MATERIAL SHOWN:
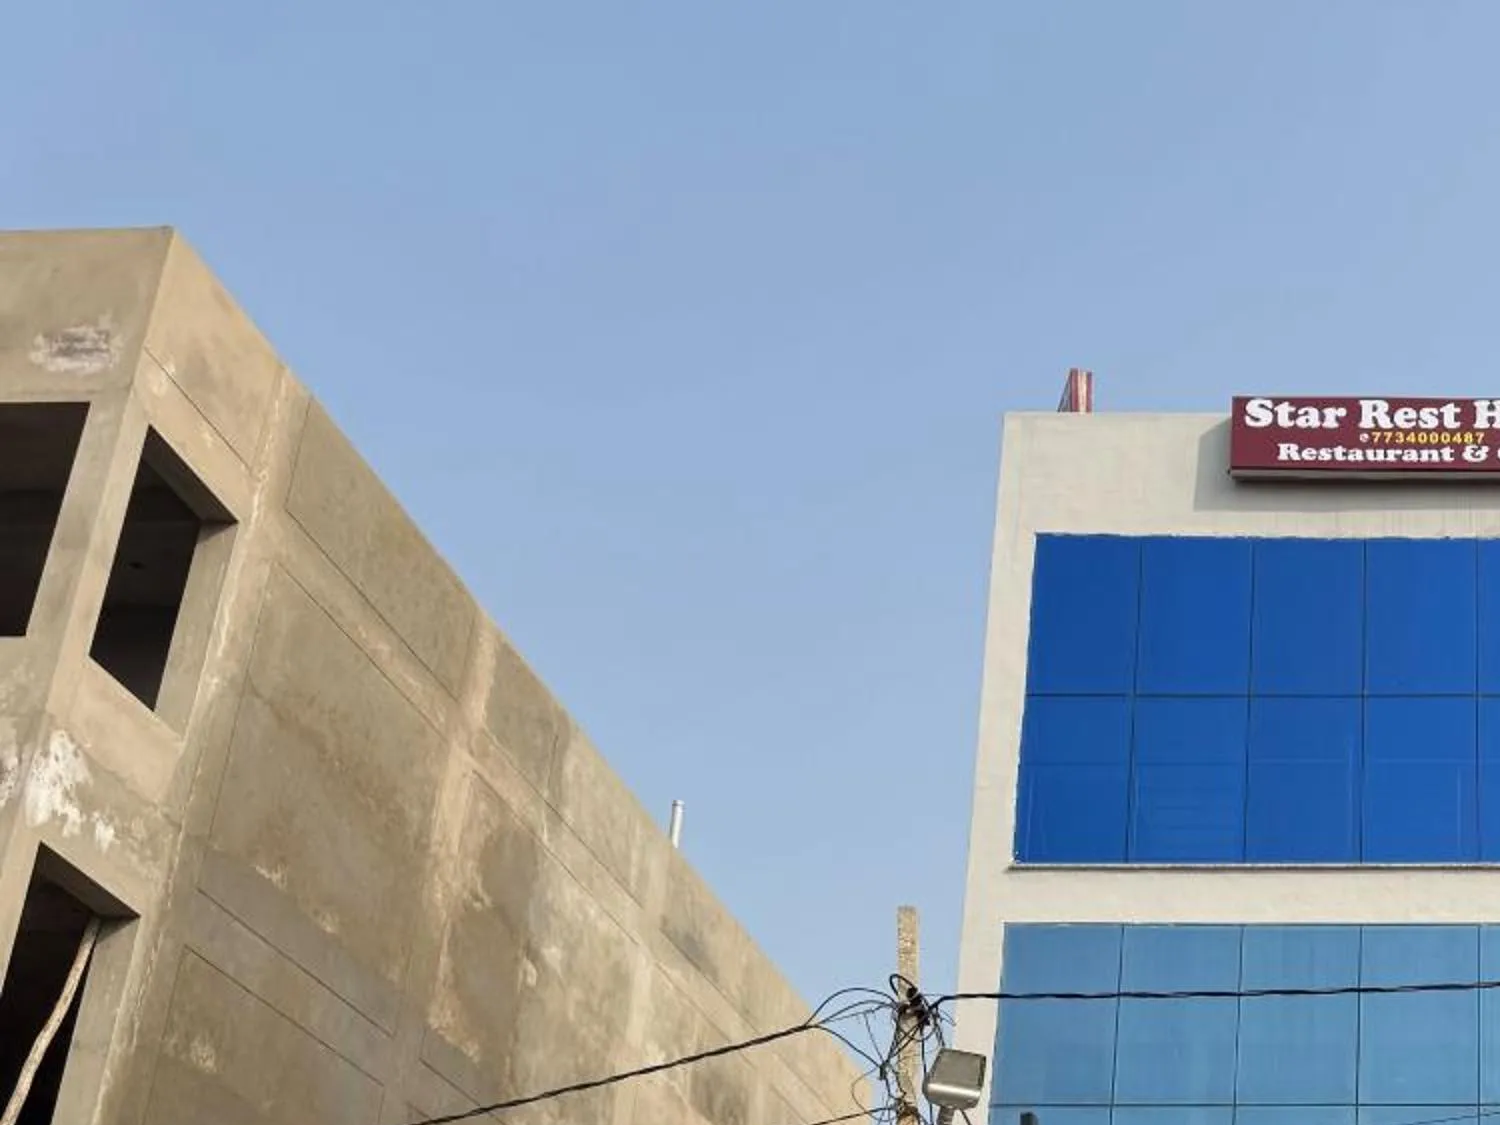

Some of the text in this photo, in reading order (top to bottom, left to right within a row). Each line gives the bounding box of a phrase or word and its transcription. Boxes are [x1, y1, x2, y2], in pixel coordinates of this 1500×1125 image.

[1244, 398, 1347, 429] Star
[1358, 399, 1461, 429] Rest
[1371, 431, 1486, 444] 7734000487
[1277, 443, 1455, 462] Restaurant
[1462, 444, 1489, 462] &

WHAT TO DO: Would you please give the material above again, unchanged but without pictures?

EXERCISE ANSWER:
Some of the text in this photo, in reading order (top to bottom, left to right within a row). Each line gives the bounding box of a phrase or word and its transcription. Boxes are [x1, y1, x2, y2], in pixel coordinates of this 1500×1125 image.

[1244, 398, 1347, 429] Star
[1358, 399, 1461, 429] Rest
[1371, 431, 1486, 444] 7734000487
[1277, 443, 1455, 462] Restaurant
[1462, 444, 1489, 462] &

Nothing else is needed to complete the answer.